Russians plan to market 'Meteor Disneyland'
MOSCOW — The last time a disaster with global impact struck Chelyabinsk, officials covered it up for three decades. This time, they're marketing it to the world.
The meteor explosion over this former secret Soviet nuclear hub two weeks ago was recorded by scores of dashboard cameras and viewed by millions of people, providing a once-in-a-lifetime opportunity to attract international tourists and their money to the Russian province on the Asian edge of the Ural Mountains.
“Space sent us a gift, and we need to make use of it,” Natalia Gritsay, head of the region's tourism department, said while en route to Lake Chebarkul, where officials gathered on Tuesday to map a strategy for economic development. “We need our own Eiffel Tower or Statue of Liberty.”

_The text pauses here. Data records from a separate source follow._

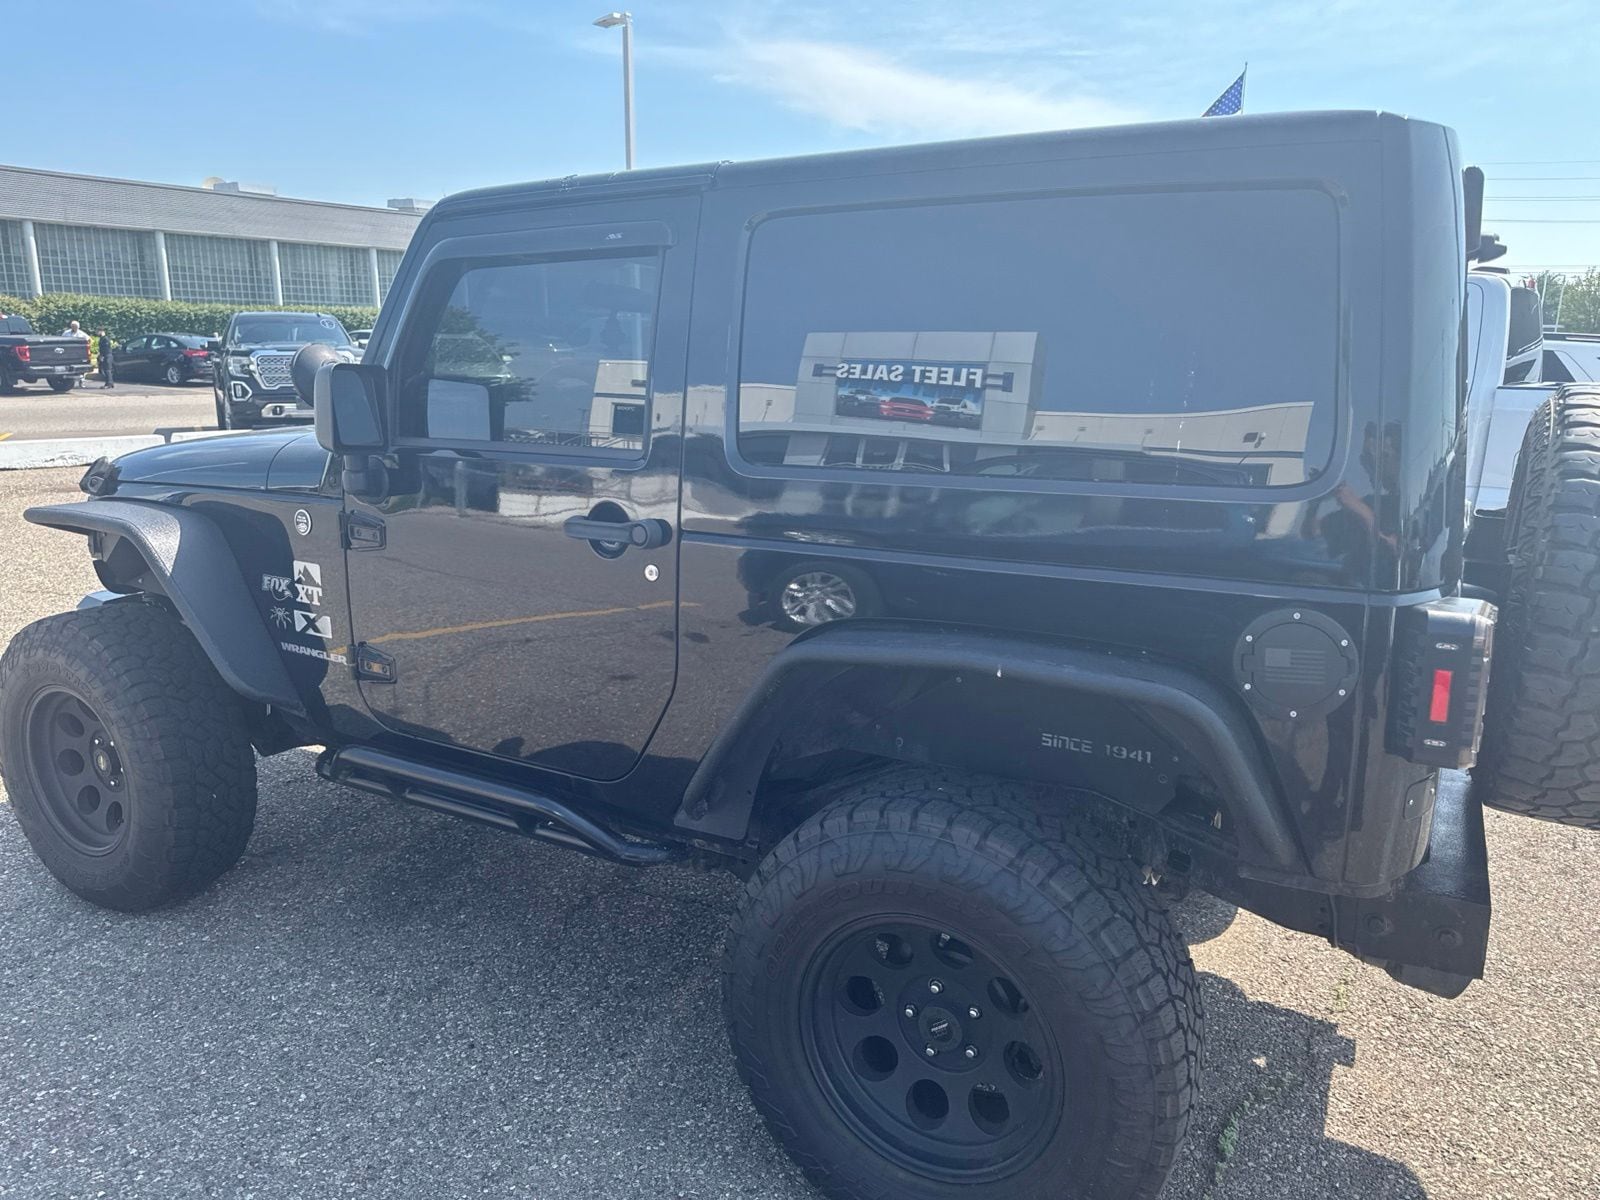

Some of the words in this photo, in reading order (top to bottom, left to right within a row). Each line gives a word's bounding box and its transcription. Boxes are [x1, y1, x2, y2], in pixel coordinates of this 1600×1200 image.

[295, 583, 322, 606] XT
[281, 642, 347, 665] WRANGLER
[1041, 732, 1093, 754] SINCE
[1105, 744, 1152, 764] 1941
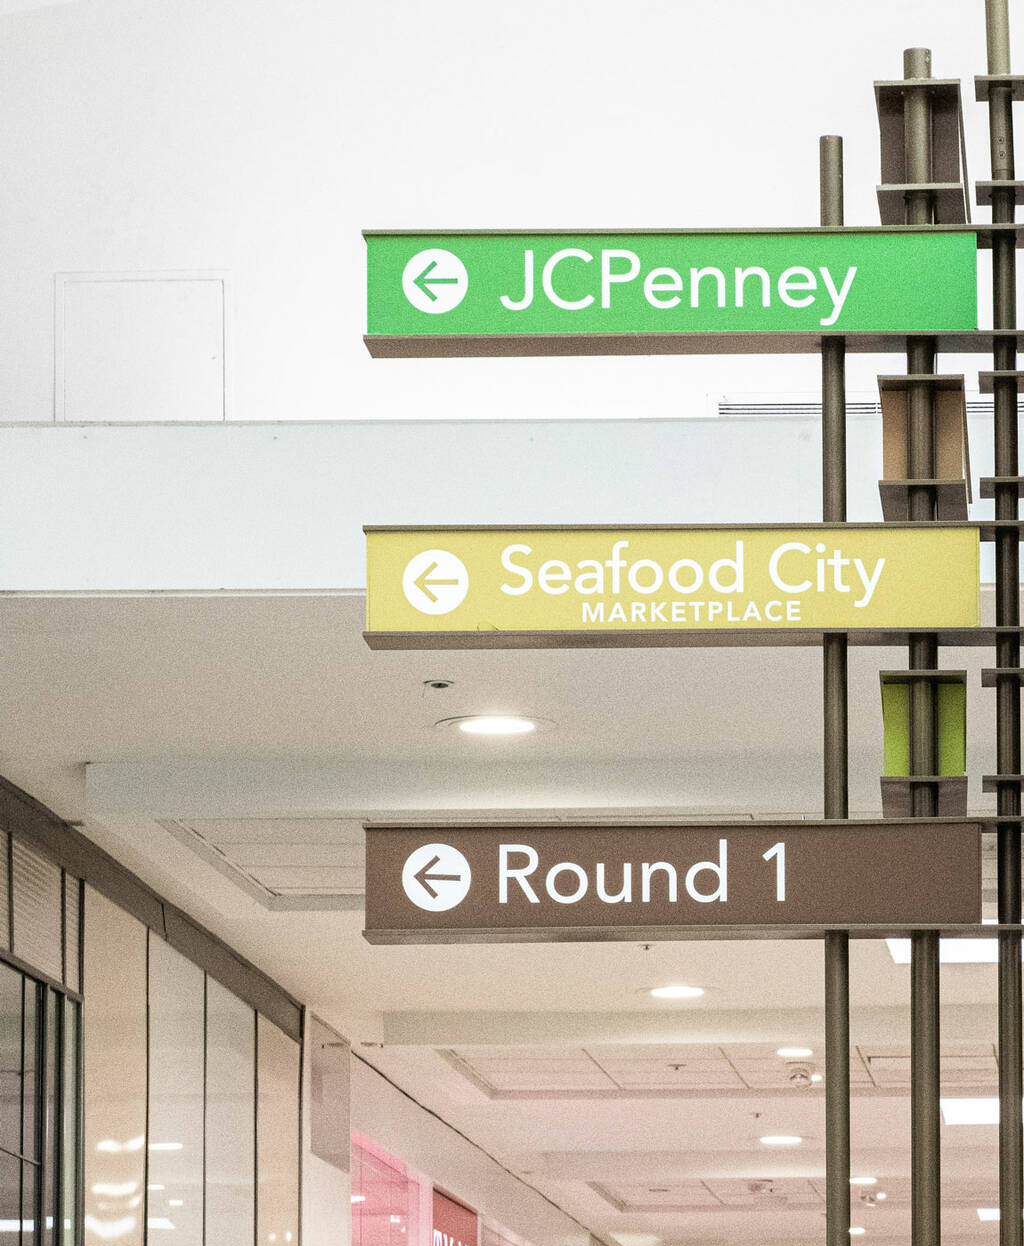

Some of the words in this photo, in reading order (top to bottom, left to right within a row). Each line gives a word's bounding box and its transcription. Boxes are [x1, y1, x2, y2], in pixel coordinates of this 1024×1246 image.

[499, 248, 858, 326] JCPenney
[500, 540, 745, 596] Seafood
[769, 541, 886, 609] City
[581, 600, 802, 623] MARKETPLACE
[499, 838, 728, 904] Round
[762, 842, 786, 902] 1

Proposals proffered at the Chebarkul powwow ranged from holding an annual “cosmic music and fireworks festival” to erecting a “floating beacon-tipped pyramid” atop the lake.
One official pitched a “Meteor Disneyland” to re-create the events of Feb. 15, while another pressed for building a “Cosmic Water Park.”

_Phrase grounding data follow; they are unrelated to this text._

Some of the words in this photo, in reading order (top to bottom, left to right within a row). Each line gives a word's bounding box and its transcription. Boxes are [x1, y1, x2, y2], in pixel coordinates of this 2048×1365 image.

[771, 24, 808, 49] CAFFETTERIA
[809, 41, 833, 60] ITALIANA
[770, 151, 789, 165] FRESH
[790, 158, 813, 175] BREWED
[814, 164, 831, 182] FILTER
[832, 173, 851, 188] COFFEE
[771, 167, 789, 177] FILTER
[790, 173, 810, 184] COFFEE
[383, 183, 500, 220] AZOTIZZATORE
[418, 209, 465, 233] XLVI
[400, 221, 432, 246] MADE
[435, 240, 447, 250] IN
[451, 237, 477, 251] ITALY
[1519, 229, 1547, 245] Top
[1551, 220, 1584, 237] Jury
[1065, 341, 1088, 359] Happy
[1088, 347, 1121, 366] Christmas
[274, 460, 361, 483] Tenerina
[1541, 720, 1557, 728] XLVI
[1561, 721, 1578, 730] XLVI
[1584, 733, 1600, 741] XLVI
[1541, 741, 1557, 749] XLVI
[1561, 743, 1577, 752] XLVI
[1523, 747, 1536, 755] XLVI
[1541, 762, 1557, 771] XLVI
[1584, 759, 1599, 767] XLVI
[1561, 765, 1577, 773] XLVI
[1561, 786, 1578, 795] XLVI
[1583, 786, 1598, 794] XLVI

Chebarkul Mayor Andrei Orlov plans to build a diving center at the lake when the ice melts so tourists can search for meteorites in the 10 feet of mud that lie 36 feet below the surface.
“The first thing we need here are road signs in Russian and English, and cops who can say ‘Hello' and ‘OK' to foreigners,” Orlov said. “We don't want to be like the pyramids near Cairo, where tourists come for an hour, shout, ‘Aladdin, come out,' and leave.”